Heron revises offer for majority stake in Golden Cross
PERTH (miningweekly.com) – ASX-listed junior Heron Resources has upped the ante in its bid to gain a major shareholding in fellow-listed Golden Cross Resources, with the company offering A$1.88-million for a 19.9% interest.
In October, Golden Cross announced a one-for-one rights issue in an attempt to raise A$6.81-million to fund exploration and development costs on its Copper Hill copper/gold project, in New South Wales, as well as its South Australian tenements.
Shareholders only subscribed for about 135.2-million shares, leaving more than 1.2-billion shares on shortfall. Major shareholder HQ Mining did not take part in the entitlement offer.
In November, Heron made a nonbinding indicative proposal to take up about 500-million of the shortfall shares, which would have given the company a 24.8% interest in Golden Cross. The proposal was conditional upon shareholder approval and a number of further conditions.

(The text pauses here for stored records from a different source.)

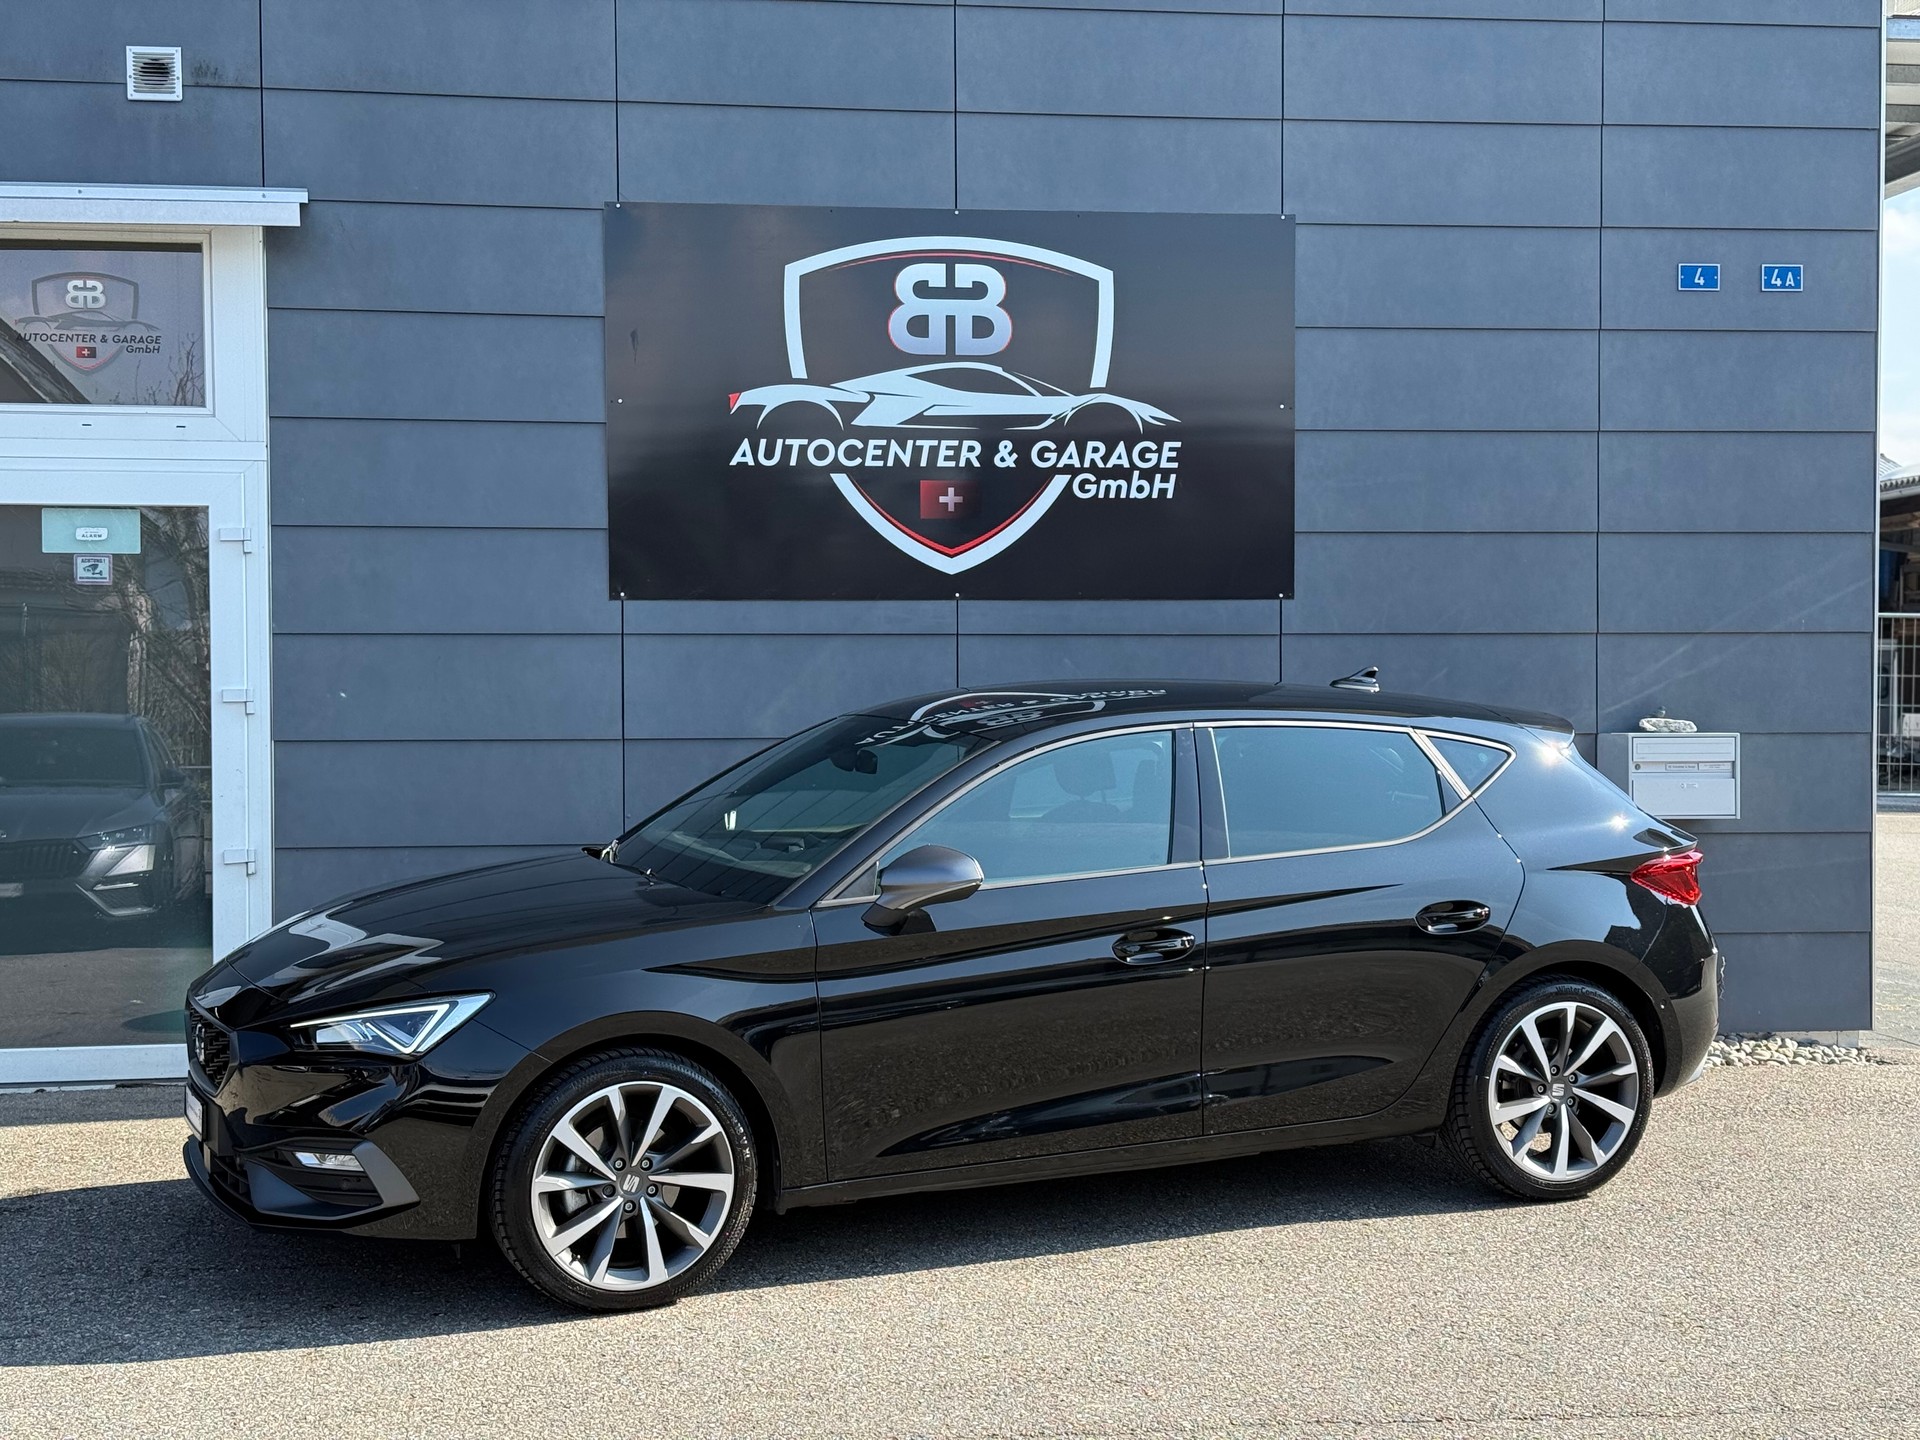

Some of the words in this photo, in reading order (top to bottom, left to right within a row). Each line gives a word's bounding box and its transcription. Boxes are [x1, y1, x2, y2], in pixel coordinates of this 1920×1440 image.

[1694, 267, 1705, 286] 4
[15, 332, 97, 344] AUTOCENTER
[100, 334, 108, 344] &
[112, 334, 162, 345] GARAGE
[126, 345, 161, 354] GmbH
[729, 437, 982, 468] AUTOCENTER
[993, 439, 1019, 468] &
[1030, 440, 1182, 469] GARAGE
[1072, 471, 1177, 499] GmbH
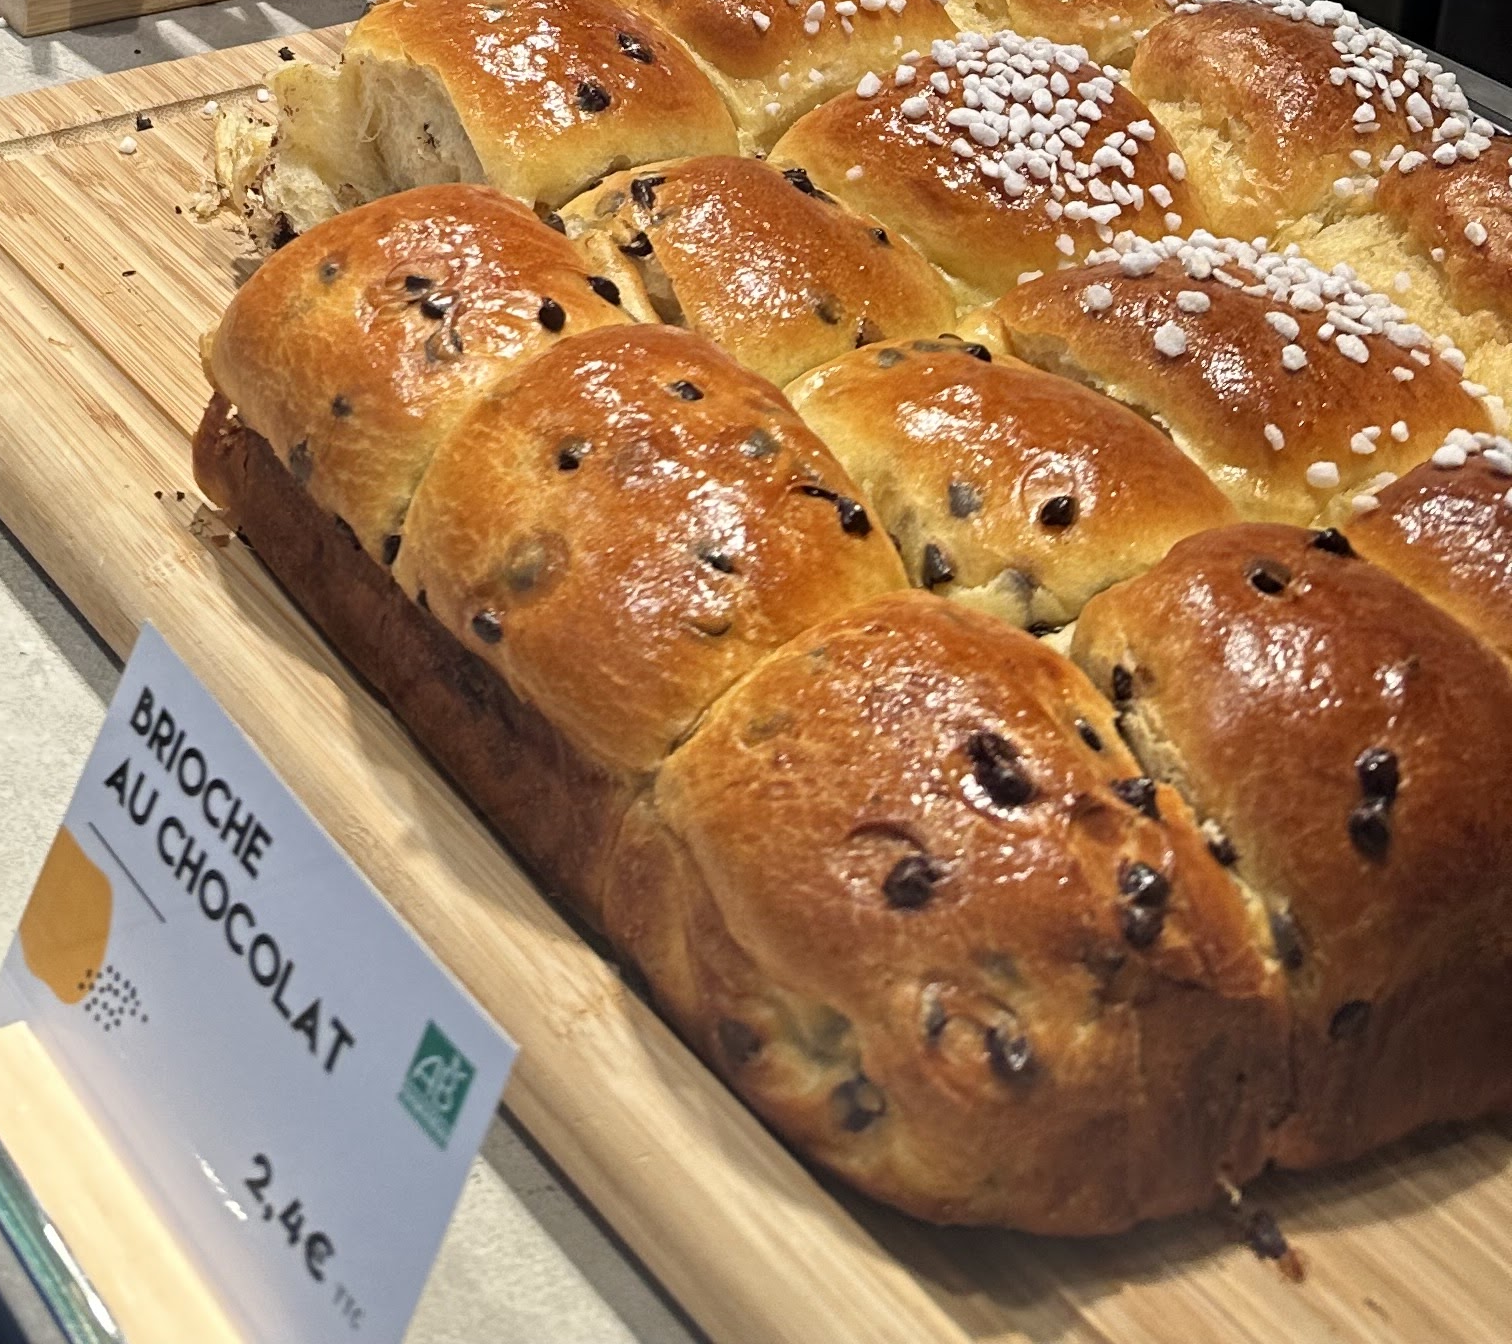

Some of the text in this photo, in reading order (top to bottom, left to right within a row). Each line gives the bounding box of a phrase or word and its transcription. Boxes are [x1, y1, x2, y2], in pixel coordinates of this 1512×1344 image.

[129, 685, 274, 880] BRIOCHE
[103, 757, 356, 1074] AU CHOCOLAT
[244, 1153, 335, 1283] 2,4€

However, by December, Heron received a written response from Golden Cross, saying that the company’s board had voted against the indicative proposal. Shortly thereafter, HQ Mining provided a counter proposal, offering Golden Cross shareholders two options to raise the cash.
The first was a placement subscription for a maximum of 680-million shares, to raise A$3.4-million, or a minimum uptake of just under 376-million shares, to raise A$1.87-million to match the Heron offer.
The Golden Cross board subsequently decided that the first option was not in the best interest of all shareholders, and also rejected the second offer from HQ Mining, but an extraordinary general meeting (EGM) would be called to give shareholders the deciding voice.
Heron said on Wednesday that it was now looking to acquire about 375.9-million shares in Golden Cross, at a price of A$0.005 each.
The offer period has been extended until two days after Golden Cross’ proposed EGM, with four market-based conditions being waived.
The pricing of the Heron offer was a 66.7% premium to Golden Cross’ closing price on December 13, and a 29.5% premium to the ten-day volume-weighted average price between December 2 and 13.